_ABOUT THIS EXERCISE_
The pictures get dropped, while every remaining part of the listing is copied exactly.

************

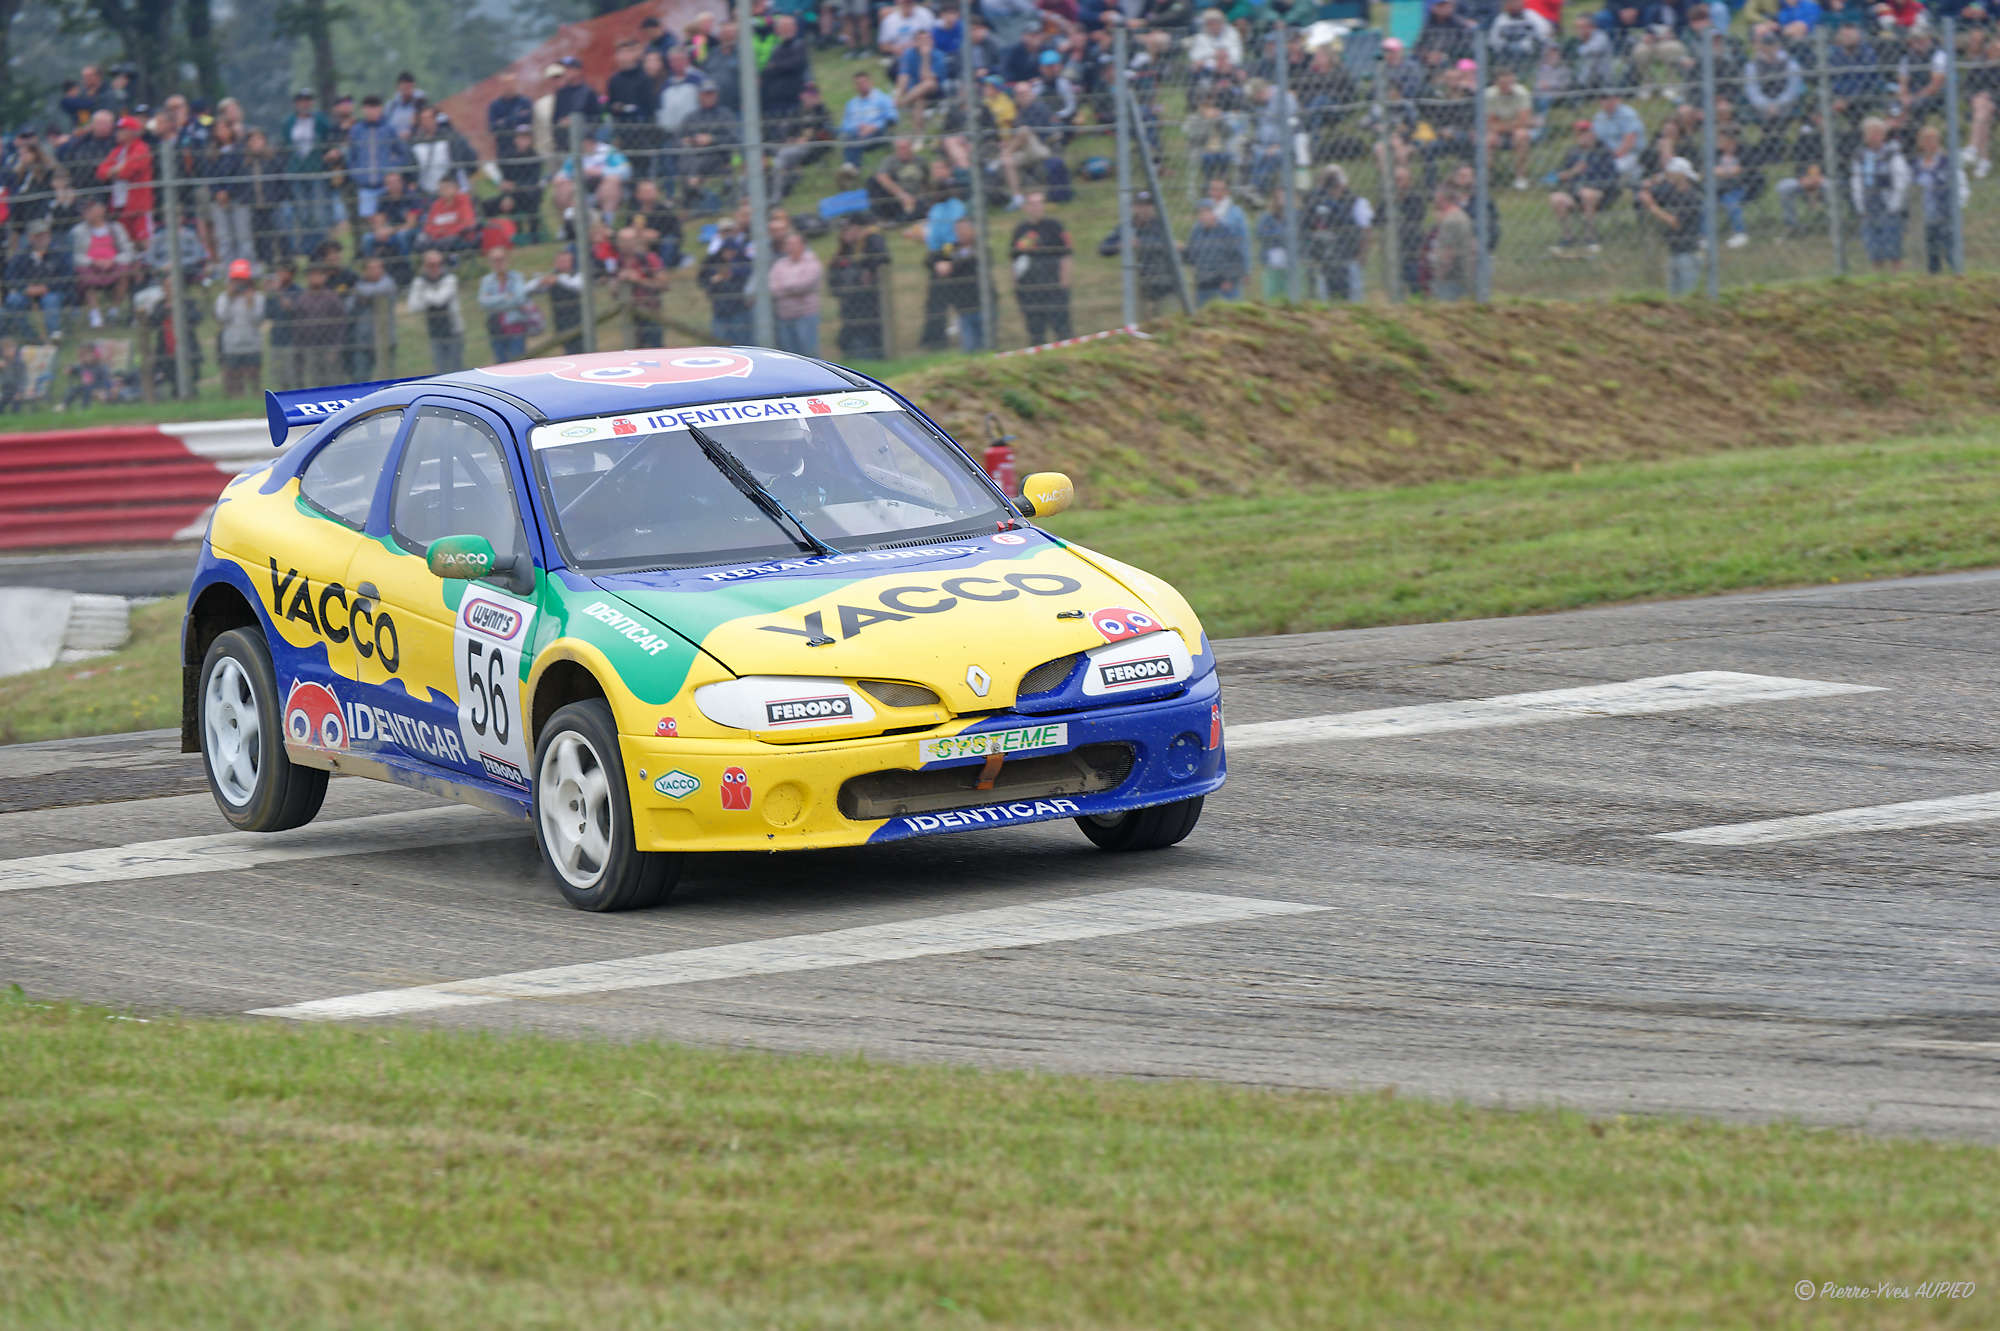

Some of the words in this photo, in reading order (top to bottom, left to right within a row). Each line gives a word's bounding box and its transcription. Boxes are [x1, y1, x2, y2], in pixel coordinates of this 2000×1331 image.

[647, 402, 801, 429] IDENTICAR
[438, 553, 488, 565] YACCO
[702, 552, 862, 582] RENAULT
[867, 545, 991, 561] DREUX
[269, 556, 400, 674] YACCO
[755, 573, 1082, 641] YACCO
[582, 601, 670, 656] IDENTICAR
[1105, 660, 1170, 683] FERODO
[466, 638, 509, 746] 56
[771, 699, 847, 720] FERODO
[346, 701, 467, 766] IDENTICAR
[935, 725, 1060, 759] SYSTEME
[482, 757, 523, 784] FERODO
[658, 779, 695, 790] YACCO
[903, 799, 1080, 832] IDENTICAR
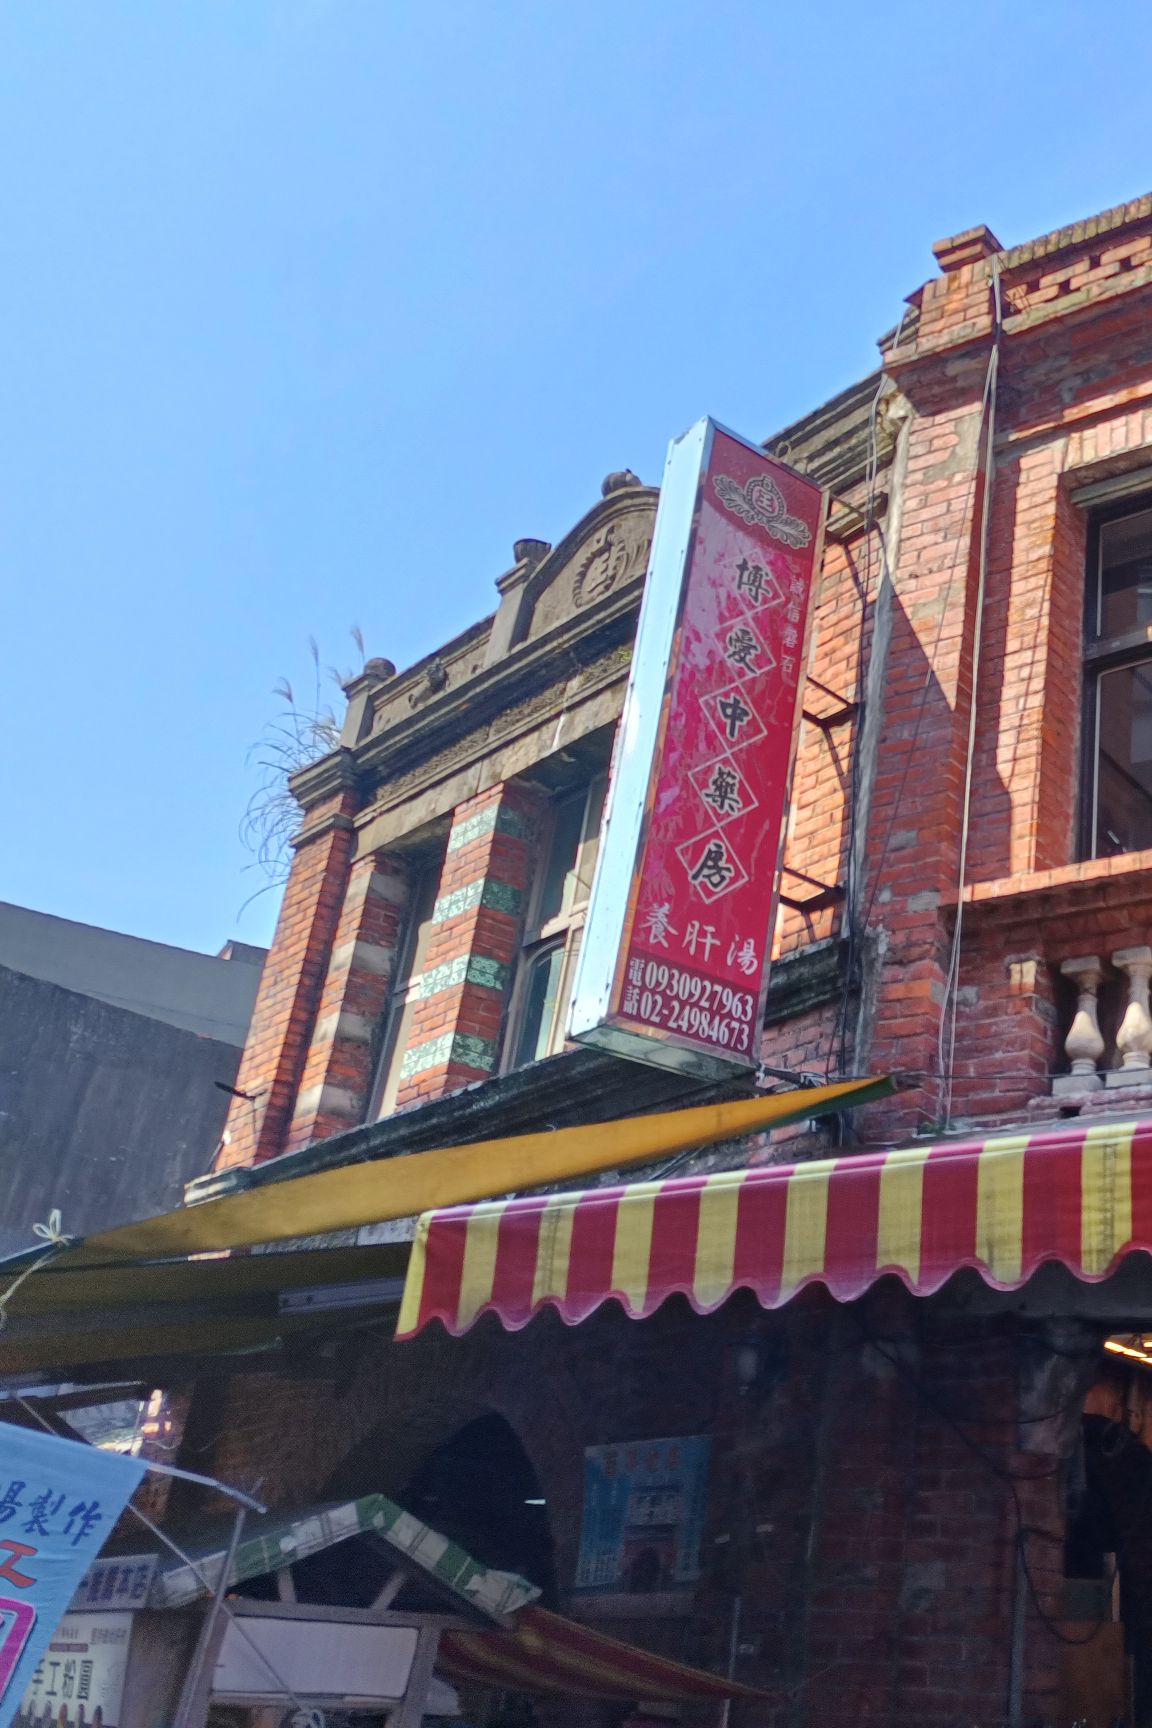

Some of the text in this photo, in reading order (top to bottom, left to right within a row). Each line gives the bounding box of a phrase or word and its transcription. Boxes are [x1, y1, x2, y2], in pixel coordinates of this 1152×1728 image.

************

_WORKED SOLUTION_
Some of the words in this photo, in reading order (top to bottom, left to right within a row). Each line gives a word's bounding box and its transcription. Boxes are [x1, y1, x2, y2], in pixel coordinates of this 2000×1331 image.

[647, 402, 801, 429] IDENTICAR
[438, 553, 488, 565] YACCO
[702, 552, 862, 582] RENAULT
[867, 545, 991, 561] DREUX
[269, 556, 400, 674] YACCO
[755, 573, 1082, 641] YACCO
[582, 601, 670, 656] IDENTICAR
[1105, 660, 1170, 683] FERODO
[466, 638, 509, 746] 56
[771, 699, 847, 720] FERODO
[346, 701, 467, 766] IDENTICAR
[935, 725, 1060, 759] SYSTEME
[482, 757, 523, 784] FERODO
[658, 779, 695, 790] YACCO
[903, 799, 1080, 832] IDENTICAR

Some of the text in this photo, in reading order (top to bottom, left to right within a row). Each line gives the bounding box of a phrase or word and its transcription. Boxes are [x1, y1, x2, y2], in pixel coordinates of this 1152×1728 image.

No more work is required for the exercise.